2018 徐州网络赛 G

There's a beach in the first quadrant. And from time to time, there are sea waves. A wave ( $x$ , $y$ ) means the wave is a rectangle whose vertexes are ( $0$ , $0$ ), ( $x$ , $0$ ), ( $0$ , $y$ ), ( $x$ , $y$ ). Every time the wave will wash out the trace of former wave in its range and remain its own trace of ( $x$ , $0$ ) -> ( $x$ , $y$ ) and ( $0$ , $y$ ) -> ( $x$ , $y$ ). Now the toad on the coast wants to know the total length of trace on the coast after n waves. It's guaranteed that a wave will not cover the other completely.

Input

The first line is the number of waves $n(n\le 50000)$.

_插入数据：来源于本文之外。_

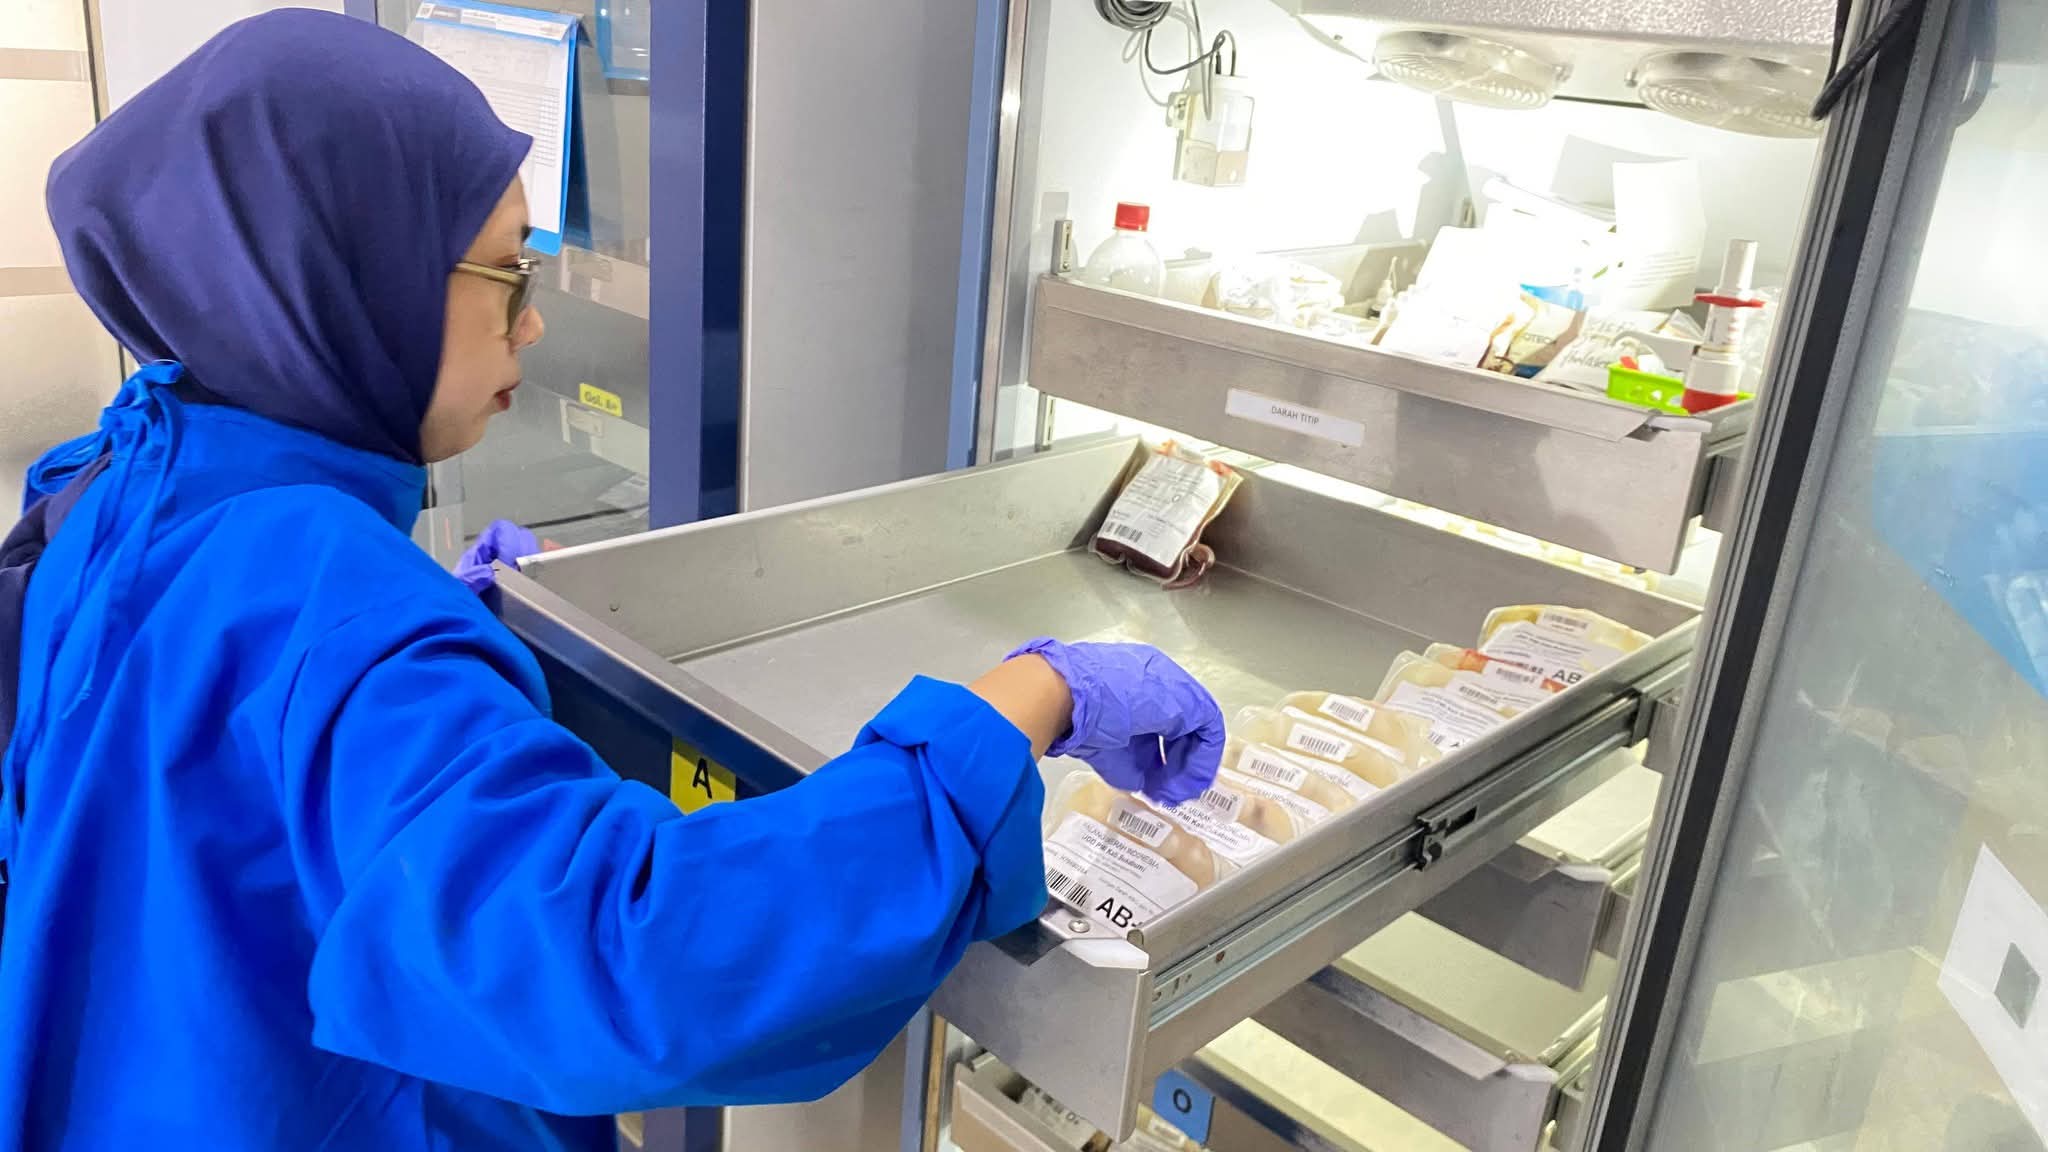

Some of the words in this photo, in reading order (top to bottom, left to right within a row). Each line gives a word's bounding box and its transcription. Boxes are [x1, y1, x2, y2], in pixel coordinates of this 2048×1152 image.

The next $n$ lines，each contains two numbers $x$ $y$ ,( $0<x$ , $y\le 10000000$ )，the $i$-th line means the $i$-th second there comes a wave of ( $x$ , $y$ ), it's guaranteed that when $1\le i$ , $j\le n$ ，$x^i\le x^j$ and $y^i\le y^j$ don't set up at the same time.

Output

An Integer stands for the answer.

Hint：

As for the sample input, the answer is $3+3+1+1+1+1=10$

样例输入复制

3
1 4
4 1
3 3

样例输出复制

10

题目来源

ACM-ICPC 2018 徐州赛区网络预赛

 

思路：

既然新加的点会覆盖之前比他短的点，那么我们可以对平行于x轴与y轴的线按倒序维护。

复杂度O（ nlogn ）

#include <bits/stdc++.h>
#include <bits/extc++.h>
using namespace std;
typedef long long ll;
ll height(std::vector<int> v){
    int sz=v.size();
    set<int>st;
    ll ans=0;
    for (int i=sz-1; i>=0; --i){
        set<int>::iterator it = st.lower_bound(v[i]);
        if(it==st.begin())  ans+=v[i];
        else {
            it--;
            ans+=v[i]-(*it);
        }
        st.insert(v[i]);
    }
    return ans;
}
int main(){
    // freopen("in.txt","r",stdin);
    int x,y,n;
    std::vector<int> xx,yy;
    while(scanf("%d",&n)==1){
        xx.clear(),yy.clear();
        while(n--){
            scanf("%d%d",&x,&y);
            xx.push_back(x);
            yy.push_back(y);
        }
        printf("%lld
",height(xx)+height(yy));
    }
    return 0;
}